* _WHAT TO WORK ON_:
Repeat each record word for word.

* _RECORDS FOR THE TASK_:
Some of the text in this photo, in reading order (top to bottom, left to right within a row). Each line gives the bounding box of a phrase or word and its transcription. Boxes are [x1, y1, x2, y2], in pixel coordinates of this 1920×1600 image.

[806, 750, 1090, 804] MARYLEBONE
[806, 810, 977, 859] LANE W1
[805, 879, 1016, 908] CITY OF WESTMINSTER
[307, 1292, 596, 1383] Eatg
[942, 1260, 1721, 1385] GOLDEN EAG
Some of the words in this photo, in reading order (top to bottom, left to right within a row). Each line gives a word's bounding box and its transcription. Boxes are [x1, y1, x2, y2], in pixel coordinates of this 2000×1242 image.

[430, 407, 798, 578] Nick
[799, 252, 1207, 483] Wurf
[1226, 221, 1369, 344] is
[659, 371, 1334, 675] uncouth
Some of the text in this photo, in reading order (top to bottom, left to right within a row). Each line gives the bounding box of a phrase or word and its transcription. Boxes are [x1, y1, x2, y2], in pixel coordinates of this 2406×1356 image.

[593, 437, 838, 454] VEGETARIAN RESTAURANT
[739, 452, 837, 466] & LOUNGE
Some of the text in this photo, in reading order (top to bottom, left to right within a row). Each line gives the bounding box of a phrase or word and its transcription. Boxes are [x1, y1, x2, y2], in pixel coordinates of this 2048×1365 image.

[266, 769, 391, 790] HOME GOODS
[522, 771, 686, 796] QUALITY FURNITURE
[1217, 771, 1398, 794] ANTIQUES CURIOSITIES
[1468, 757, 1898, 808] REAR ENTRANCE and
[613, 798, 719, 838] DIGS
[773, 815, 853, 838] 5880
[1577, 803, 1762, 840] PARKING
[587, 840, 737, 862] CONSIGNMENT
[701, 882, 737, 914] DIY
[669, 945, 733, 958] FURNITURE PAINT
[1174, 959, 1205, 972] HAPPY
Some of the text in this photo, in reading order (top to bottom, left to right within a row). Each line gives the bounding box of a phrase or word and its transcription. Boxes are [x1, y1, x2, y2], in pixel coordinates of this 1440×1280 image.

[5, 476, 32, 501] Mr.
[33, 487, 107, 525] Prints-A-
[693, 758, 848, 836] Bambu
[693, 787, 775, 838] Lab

* _OUTPUT FOR THIS EXERCISE_:
Some of the text in this photo, in reading order (top to bottom, left to right within a row). Each line gives the bounding box of a phrase or word and its transcription. Boxes are [x1, y1, x2, y2], in pixel coordinates of this 1920×1600 image.

[806, 750, 1090, 804] MARYLEBONE
[806, 810, 977, 859] LANE W1
[805, 879, 1016, 908] CITY OF WESTMINSTER
[307, 1292, 596, 1383] Eatg
[942, 1260, 1721, 1385] GOLDEN EAG
Some of the words in this photo, in reading order (top to bottom, left to right within a row). Each line gives a word's bounding box and its transcription. Boxes are [x1, y1, x2, y2], in pixel coordinates of this 2000×1242 image.

[430, 407, 798, 578] Nick
[799, 252, 1207, 483] Wurf
[1226, 221, 1369, 344] is
[659, 371, 1334, 675] uncouth
Some of the text in this photo, in reading order (top to bottom, left to right within a row). Each line gives the bounding box of a phrase or word and its transcription. Boxes are [x1, y1, x2, y2], in pixel coordinates of this 2406×1356 image.

[593, 437, 838, 454] VEGETARIAN RESTAURANT
[739, 452, 837, 466] & LOUNGE
Some of the text in this photo, in reading order (top to bottom, left to right within a row). Each line gives the bounding box of a phrase or word and its transcription. Boxes are [x1, y1, x2, y2], in pixel coordinates of this 2048×1365 image.

[266, 769, 391, 790] HOME GOODS
[522, 771, 686, 796] QUALITY FURNITURE
[1217, 771, 1398, 794] ANTIQUES CURIOSITIES
[1468, 757, 1898, 808] REAR ENTRANCE and
[613, 798, 719, 838] DIGS
[773, 815, 853, 838] 5880
[1577, 803, 1762, 840] PARKING
[587, 840, 737, 862] CONSIGNMENT
[701, 882, 737, 914] DIY
[669, 945, 733, 958] FURNITURE PAINT
[1174, 959, 1205, 972] HAPPY
Some of the text in this photo, in reading order (top to bottom, left to right within a row). Each line gives the bounding box of a phrase or word and its transcription. Boxes are [x1, y1, x2, y2], in pixel coordinates of this 1440×1280 image.

[5, 476, 32, 501] Mr.
[33, 487, 107, 525] Prints-A-
[693, 758, 848, 836] Bambu
[693, 787, 775, 838] Lab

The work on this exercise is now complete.